A Survey on Distributed Machine Learning — Detailed Summary
Joost Verbraeken, Matthijs Wolting, Jonathan Katzy, Jeroen Kloppenburg, Tim Verbelen, Jan S. Rellermeyer | TU Delft + imec/Ghent | ACM Computing Surveys 53(2), Article 30, 2020 | DOI 10.1145/3377454
Per-section summary organized by the survey's headings. Each section flags whether its content is in scope (intra-cluster sync DDL with NCCL — relevant to DynamICCL) or out of scope (federated, gossip, async PS, etc.).
Abstract
- AI demand has surged thanks to ML advances and hardware acceleration.
- Larger training datasets and models have outstripped single-machine compute, forcing workloads to be distributed across many machines.
- Distribution introduces two core challenges: efficient parallelization of training, and producing a coherent global model.
- The survey provides an extensive overview of state-of-the-art techniques and systems, framed against conventional ML.
1. Introduction
- Frames the question of why ML is now an HPC problem: training-data growth and parameter counts are outpacing Moore's Law.
- Establishes the distinction between training (compute-heavy, distributed) and inference/prediction (latency-sensitive, often single-node).

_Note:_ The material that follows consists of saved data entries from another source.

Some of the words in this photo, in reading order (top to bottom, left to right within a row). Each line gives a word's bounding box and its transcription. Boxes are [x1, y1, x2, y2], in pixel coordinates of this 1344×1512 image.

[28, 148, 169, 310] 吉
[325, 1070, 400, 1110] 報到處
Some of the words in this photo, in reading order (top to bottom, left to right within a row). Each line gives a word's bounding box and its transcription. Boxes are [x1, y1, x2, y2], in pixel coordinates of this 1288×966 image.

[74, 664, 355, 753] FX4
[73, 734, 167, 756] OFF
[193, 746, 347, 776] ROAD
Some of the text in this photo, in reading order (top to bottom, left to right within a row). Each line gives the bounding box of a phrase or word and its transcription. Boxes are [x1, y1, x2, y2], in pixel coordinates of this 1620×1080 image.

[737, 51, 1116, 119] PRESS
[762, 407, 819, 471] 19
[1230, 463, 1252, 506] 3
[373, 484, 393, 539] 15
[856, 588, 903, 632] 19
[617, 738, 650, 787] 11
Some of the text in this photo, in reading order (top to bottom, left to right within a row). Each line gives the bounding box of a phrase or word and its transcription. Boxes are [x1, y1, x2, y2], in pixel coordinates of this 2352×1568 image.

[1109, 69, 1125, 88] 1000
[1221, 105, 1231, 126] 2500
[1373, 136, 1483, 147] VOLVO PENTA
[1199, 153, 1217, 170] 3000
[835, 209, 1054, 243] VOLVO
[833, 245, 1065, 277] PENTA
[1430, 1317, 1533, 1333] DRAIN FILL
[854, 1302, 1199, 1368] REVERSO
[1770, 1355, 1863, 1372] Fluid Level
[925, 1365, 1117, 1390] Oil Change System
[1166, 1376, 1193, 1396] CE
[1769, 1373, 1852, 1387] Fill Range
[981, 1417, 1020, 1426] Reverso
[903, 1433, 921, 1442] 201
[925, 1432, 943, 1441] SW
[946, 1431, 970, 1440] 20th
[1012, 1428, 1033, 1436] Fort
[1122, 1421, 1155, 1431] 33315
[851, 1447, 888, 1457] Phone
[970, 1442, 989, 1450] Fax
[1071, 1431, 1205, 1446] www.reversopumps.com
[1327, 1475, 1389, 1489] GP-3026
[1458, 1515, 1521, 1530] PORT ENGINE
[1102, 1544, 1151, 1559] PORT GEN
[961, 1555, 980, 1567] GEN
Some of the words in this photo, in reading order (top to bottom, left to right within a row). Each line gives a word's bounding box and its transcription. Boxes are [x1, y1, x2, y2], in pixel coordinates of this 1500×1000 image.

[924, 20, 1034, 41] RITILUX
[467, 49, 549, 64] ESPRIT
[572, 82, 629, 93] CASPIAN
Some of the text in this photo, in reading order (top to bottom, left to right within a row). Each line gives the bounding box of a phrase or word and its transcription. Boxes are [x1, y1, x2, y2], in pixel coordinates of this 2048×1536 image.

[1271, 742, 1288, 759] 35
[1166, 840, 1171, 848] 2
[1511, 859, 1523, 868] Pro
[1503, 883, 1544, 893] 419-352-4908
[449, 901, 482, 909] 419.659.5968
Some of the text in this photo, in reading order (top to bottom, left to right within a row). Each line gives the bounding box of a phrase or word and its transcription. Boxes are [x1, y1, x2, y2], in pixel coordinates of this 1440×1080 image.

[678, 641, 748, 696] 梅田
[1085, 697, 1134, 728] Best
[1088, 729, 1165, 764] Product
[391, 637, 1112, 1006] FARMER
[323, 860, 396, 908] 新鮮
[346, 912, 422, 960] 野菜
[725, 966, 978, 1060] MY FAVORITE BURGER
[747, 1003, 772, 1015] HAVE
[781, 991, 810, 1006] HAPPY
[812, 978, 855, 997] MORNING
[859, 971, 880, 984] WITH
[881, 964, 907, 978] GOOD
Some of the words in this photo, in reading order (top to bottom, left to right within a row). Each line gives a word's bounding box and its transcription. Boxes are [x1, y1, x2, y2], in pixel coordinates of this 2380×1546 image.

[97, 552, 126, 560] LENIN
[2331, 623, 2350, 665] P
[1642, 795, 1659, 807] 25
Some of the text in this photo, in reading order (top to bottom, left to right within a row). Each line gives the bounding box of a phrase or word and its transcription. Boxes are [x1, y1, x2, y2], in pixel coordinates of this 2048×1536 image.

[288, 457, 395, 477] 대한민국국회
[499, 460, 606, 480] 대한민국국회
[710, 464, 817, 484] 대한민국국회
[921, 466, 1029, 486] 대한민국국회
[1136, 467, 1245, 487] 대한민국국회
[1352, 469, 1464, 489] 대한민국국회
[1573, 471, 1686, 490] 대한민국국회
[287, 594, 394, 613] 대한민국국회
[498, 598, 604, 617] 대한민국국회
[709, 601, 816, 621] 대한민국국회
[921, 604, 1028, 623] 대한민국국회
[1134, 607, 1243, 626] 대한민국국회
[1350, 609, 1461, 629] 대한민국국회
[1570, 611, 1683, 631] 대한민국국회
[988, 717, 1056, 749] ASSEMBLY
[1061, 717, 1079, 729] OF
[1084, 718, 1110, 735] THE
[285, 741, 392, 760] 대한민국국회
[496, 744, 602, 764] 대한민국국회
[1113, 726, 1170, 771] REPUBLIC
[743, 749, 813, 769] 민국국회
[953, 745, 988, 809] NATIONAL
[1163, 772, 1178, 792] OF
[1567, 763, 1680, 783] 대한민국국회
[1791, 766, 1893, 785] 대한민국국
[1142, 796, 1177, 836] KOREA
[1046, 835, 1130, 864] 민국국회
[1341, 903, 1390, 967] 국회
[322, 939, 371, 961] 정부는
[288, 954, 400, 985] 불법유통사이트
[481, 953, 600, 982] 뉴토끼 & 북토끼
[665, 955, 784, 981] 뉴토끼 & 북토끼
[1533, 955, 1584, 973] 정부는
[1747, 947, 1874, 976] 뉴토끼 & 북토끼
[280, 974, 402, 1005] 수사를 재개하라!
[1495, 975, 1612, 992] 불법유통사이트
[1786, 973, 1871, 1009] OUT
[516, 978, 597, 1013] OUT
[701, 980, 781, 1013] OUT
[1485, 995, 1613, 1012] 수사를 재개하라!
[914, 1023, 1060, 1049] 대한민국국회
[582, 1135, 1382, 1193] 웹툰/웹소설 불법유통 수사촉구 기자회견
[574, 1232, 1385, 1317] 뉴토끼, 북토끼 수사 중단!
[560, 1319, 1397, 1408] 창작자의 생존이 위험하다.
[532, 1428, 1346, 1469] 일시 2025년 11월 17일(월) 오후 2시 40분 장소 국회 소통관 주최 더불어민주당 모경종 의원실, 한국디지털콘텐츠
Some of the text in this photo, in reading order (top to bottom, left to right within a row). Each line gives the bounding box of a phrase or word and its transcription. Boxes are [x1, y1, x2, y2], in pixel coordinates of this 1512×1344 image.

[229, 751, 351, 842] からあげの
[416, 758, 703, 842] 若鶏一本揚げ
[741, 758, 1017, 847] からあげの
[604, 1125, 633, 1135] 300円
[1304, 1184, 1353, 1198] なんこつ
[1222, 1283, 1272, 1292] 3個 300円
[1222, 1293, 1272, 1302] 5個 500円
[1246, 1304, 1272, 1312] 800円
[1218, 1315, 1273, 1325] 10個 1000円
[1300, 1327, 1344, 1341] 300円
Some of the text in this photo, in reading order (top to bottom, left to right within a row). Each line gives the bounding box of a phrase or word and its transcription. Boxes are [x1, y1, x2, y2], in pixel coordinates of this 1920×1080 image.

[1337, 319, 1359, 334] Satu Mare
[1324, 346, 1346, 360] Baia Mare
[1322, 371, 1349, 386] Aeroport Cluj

- Sets up the reference architecture used in later sections.
DynamICCL relevance: sets the framing — DynamICCL targets the training side of this picture, specifically the communication phase.
2. Machine Learning — A High-Performance Computing Challenge?
2.1 Scaling Up (hardware acceleration)
- GPUs: Nvidia Tesla / V100 lineage; programmable many-thread architectures that have shifted from rigid SIMD to more flexible SIMT.
- ASICs: Google's TPU with a systolic array for matrix multiply, approximated as MIMD; DianNao family with Neuro-Functional Units.
- CPU vector instructions: AVX-512 brings ML-relevant throughput to general-purpose CPUs.
- Other accelerators: Adapteva Epiphany (many-core MIMD), FPGAs deployed by Microsoft Azure (Project Brainwave).
- Limits: memory bandwidth, energy density, and die area cap how far scale-up can go for very large models.
2.2 Scaling Out (distributed systems)
- Once a single node's accelerators are saturated, multi-node distribution is the only path forward.
- Communication latency and bandwidth become first-order costs; high-performance interconnects (InfiniBand, NVLink) matter as much as compute.
- Introduces the tension that drives the rest of the paper: more nodes give more compute but also more communication.
2.3 Discussion
- Scaling up and scaling out are complementary; modern systems do both (multi-GPU per node, many nodes per cluster).
- The "right" mix depends on model size, batch size, and interconnect.
DynamICCL relevance: Sec. 2.1's GPU material and Sec. 2.2's communication discussion are foundational. NCCL is the layer that makes scale-out work for GPU clusters; DynamICCL tunes that layer.
3. A Reference Architecture for Distributed Machine Learning
3.1 Machine Learning Algorithms
Three orthogonal taxonomies:
- Feedback type: supervised, unsupervised, semi-supervised, reinforcement.
- Purpose: anomaly detection, classification, clustering, regression, dimensionality reduction.
- Method: evolutionary algorithms, SGD-based methods, SVMs, ANNs, RNNs, decision trees.
3.2 Hyperparameter Optimization
- Outer loop over the training process: learning rate, batch size, architecture choices.
- Naturally distributable (embarrassingly parallel across configurations) but expensive at scale.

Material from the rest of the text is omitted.